Records from a data collection:
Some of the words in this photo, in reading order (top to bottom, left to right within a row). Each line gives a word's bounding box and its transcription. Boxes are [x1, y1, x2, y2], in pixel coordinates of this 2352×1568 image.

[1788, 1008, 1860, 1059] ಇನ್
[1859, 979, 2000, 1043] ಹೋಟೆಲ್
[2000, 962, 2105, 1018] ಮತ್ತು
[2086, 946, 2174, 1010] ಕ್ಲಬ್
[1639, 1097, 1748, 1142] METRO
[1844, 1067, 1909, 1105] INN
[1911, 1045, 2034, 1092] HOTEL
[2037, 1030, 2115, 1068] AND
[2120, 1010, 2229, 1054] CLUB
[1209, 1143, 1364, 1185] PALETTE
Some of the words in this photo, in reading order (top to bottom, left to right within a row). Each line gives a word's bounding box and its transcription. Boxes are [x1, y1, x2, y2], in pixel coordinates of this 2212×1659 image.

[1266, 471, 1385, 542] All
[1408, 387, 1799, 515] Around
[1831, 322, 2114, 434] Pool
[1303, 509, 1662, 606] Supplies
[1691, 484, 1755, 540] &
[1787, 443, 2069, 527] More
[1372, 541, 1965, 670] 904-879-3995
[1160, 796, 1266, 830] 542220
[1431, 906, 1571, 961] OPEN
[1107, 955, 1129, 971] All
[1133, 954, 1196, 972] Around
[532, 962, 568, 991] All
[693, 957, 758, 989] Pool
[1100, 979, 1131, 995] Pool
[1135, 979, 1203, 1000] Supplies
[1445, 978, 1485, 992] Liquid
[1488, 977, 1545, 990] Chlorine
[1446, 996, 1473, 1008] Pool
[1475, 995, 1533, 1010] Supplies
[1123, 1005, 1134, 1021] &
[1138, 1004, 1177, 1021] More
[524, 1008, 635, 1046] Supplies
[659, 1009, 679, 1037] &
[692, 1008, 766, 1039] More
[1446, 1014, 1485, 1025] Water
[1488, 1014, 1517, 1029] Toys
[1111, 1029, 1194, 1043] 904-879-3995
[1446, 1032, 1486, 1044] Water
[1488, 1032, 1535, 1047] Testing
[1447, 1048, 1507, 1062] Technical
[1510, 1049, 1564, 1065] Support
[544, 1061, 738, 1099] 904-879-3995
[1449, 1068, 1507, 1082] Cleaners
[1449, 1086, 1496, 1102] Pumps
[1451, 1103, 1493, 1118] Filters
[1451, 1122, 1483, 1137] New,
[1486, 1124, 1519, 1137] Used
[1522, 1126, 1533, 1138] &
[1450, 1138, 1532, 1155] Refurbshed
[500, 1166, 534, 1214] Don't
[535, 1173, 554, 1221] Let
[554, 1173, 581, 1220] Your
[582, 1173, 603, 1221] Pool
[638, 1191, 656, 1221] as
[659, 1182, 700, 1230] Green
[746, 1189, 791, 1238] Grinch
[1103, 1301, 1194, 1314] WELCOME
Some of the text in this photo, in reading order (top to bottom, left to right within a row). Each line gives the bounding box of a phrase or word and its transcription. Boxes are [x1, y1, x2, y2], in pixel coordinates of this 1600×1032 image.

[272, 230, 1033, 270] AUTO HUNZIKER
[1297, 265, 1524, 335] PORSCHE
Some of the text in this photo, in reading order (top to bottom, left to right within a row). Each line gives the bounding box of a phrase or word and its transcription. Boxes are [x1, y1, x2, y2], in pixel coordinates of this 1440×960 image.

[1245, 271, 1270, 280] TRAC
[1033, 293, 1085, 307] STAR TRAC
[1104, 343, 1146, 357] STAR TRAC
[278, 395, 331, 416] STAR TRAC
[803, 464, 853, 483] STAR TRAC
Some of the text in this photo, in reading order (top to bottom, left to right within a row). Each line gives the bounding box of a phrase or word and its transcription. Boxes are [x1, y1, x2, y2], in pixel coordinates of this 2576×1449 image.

What you are asked to do: Transcribe all of the data above, character for character.

Completed exercise:
Some of the words in this photo, in reading order (top to bottom, left to right within a row). Each line gives a word's bounding box and its transcription. Boxes are [x1, y1, x2, y2], in pixel coordinates of this 2352×1568 image.

[1788, 1008, 1860, 1059] ಇನ್
[1859, 979, 2000, 1043] ಹೋಟೆಲ್
[2000, 962, 2105, 1018] ಮತ್ತು
[2086, 946, 2174, 1010] ಕ್ಲಬ್
[1639, 1097, 1748, 1142] METRO
[1844, 1067, 1909, 1105] INN
[1911, 1045, 2034, 1092] HOTEL
[2037, 1030, 2115, 1068] AND
[2120, 1010, 2229, 1054] CLUB
[1209, 1143, 1364, 1185] PALETTE
Some of the words in this photo, in reading order (top to bottom, left to right within a row). Each line gives a word's bounding box and its transcription. Boxes are [x1, y1, x2, y2], in pixel coordinates of this 2212×1659 image.

[1266, 471, 1385, 542] All
[1408, 387, 1799, 515] Around
[1831, 322, 2114, 434] Pool
[1303, 509, 1662, 606] Supplies
[1691, 484, 1755, 540] &
[1787, 443, 2069, 527] More
[1372, 541, 1965, 670] 904-879-3995
[1160, 796, 1266, 830] 542220
[1431, 906, 1571, 961] OPEN
[1107, 955, 1129, 971] All
[1133, 954, 1196, 972] Around
[532, 962, 568, 991] All
[693, 957, 758, 989] Pool
[1100, 979, 1131, 995] Pool
[1135, 979, 1203, 1000] Supplies
[1445, 978, 1485, 992] Liquid
[1488, 977, 1545, 990] Chlorine
[1446, 996, 1473, 1008] Pool
[1475, 995, 1533, 1010] Supplies
[1123, 1005, 1134, 1021] &
[1138, 1004, 1177, 1021] More
[524, 1008, 635, 1046] Supplies
[659, 1009, 679, 1037] &
[692, 1008, 766, 1039] More
[1446, 1014, 1485, 1025] Water
[1488, 1014, 1517, 1029] Toys
[1111, 1029, 1194, 1043] 904-879-3995
[1446, 1032, 1486, 1044] Water
[1488, 1032, 1535, 1047] Testing
[1447, 1048, 1507, 1062] Technical
[1510, 1049, 1564, 1065] Support
[544, 1061, 738, 1099] 904-879-3995
[1449, 1068, 1507, 1082] Cleaners
[1449, 1086, 1496, 1102] Pumps
[1451, 1103, 1493, 1118] Filters
[1451, 1122, 1483, 1137] New,
[1486, 1124, 1519, 1137] Used
[1522, 1126, 1533, 1138] &
[1450, 1138, 1532, 1155] Refurbshed
[500, 1166, 534, 1214] Don't
[535, 1173, 554, 1221] Let
[554, 1173, 581, 1220] Your
[582, 1173, 603, 1221] Pool
[638, 1191, 656, 1221] as
[659, 1182, 700, 1230] Green
[746, 1189, 791, 1238] Grinch
[1103, 1301, 1194, 1314] WELCOME
Some of the text in this photo, in reading order (top to bottom, left to right within a row). Each line gives the bounding box of a phrase or word and its transcription. Boxes are [x1, y1, x2, y2], in pixel coordinates of this 1600×1032 image.

[272, 230, 1033, 270] AUTO HUNZIKER
[1297, 265, 1524, 335] PORSCHE
Some of the text in this photo, in reading order (top to bottom, left to right within a row). Each line gives the bounding box of a phrase or word and its transcription. Boxes are [x1, y1, x2, y2], in pixel coordinates of this 1440×960 image.

[1245, 271, 1270, 280] TRAC
[1033, 293, 1085, 307] STAR TRAC
[1104, 343, 1146, 357] STAR TRAC
[278, 395, 331, 416] STAR TRAC
[803, 464, 853, 483] STAR TRAC
Some of the text in this photo, in reading order (top to bottom, left to right within a row). Each line gives the bounding box of a phrase or word and its transcription. Boxes are [x1, y1, x2, y2], in pixel coordinates of this 2576×1449 image.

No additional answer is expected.